会社の社員であり、かつ保健師でもあるという立場です。保健師全体の1割弱が産業保健師として働いています。
産業保健師は、社員の健康診断の計画・実施を行なう他、近年は社員のメンタルケアに関わることが多くなっています。
この背景には、会社員の過労死や、過重労働によるうつ病の発症などが社会問題になっていることがあります。
2015年からは従業員が50人以上いる会社では、年に1回、社員の「ストレスチェック」を行なうことが義務付けられました。
<出典>:ストレスチェック制度関係 Q&A(目次) /厚生労働省
産業保健師がいる企業では、このストレスチェックも保健師の仕事になります。
学校に勤務する「学校保健師」
小・中・高校の「保健室の先生」が学校保健師で、正式名称は「養護教諭」といいます。
保健室の先生は、養護教諭免許をもつ保健師で、公立学校の場合は公務員でもあるということになります。

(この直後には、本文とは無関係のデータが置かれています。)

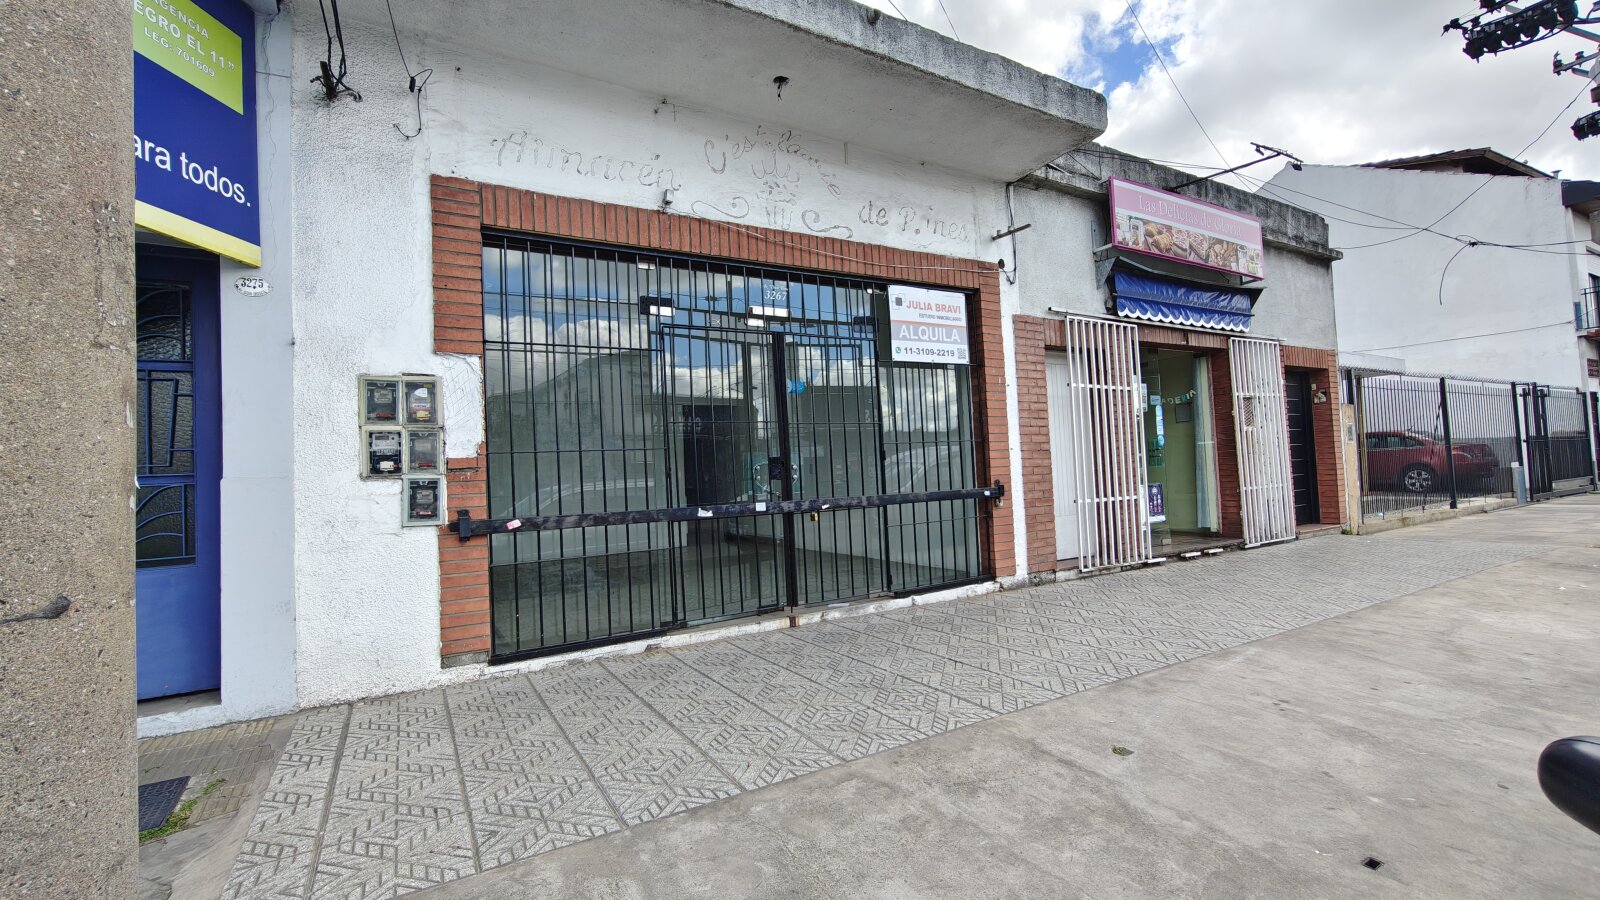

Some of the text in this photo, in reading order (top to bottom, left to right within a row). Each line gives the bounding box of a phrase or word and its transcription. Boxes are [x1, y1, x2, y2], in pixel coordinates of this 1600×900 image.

私立の学校では、養護教諭免許がない保健師でも保健室の先生になることは可能です。
また短大や大学では看護師免許だけでも保健室勤務ができます。
学校保健師の仕事は、学校内での軽いけがの手当てをする他、「病院に行く必要があるかどうかの判断」も任されます。
定期検診の手配や校内の衛生管理も学校保健師の仕事です。思春期の生徒のメンタルケアや性教育なども行ないます。
<関連記事>:学校保健師の仕事内容は?
病院に勤務する「病院保健師 」
病院保健師は病院に所属して、院内感染の予防などの仕事をします。
「健康診断センター」がある病院では、そこで働くことになります。
看護師といっしょに働く職場なので、人手が足りないときには、看護師の仕事を手伝う場合もあるのが他の保険師と違う点です。
患者の自宅を訪ねて健康指導をする「訪問看護」も病院保健師の仕事の1つです。
保健師になるために必要な資格は?
保健師なるために必要な資格や、その取得方法について見ていきましょう。
看護師資格と保健師資格が必要
保健師になるためには、看護師免許と保健師免許の両方が必要です。
学校保健師になるには、この2つの他に養護教諭免許も必要です。
この3つの資格を1つずつ取っていく方法もありますが、実際は1つの教育機関で同時取得を目指すのが一般的です。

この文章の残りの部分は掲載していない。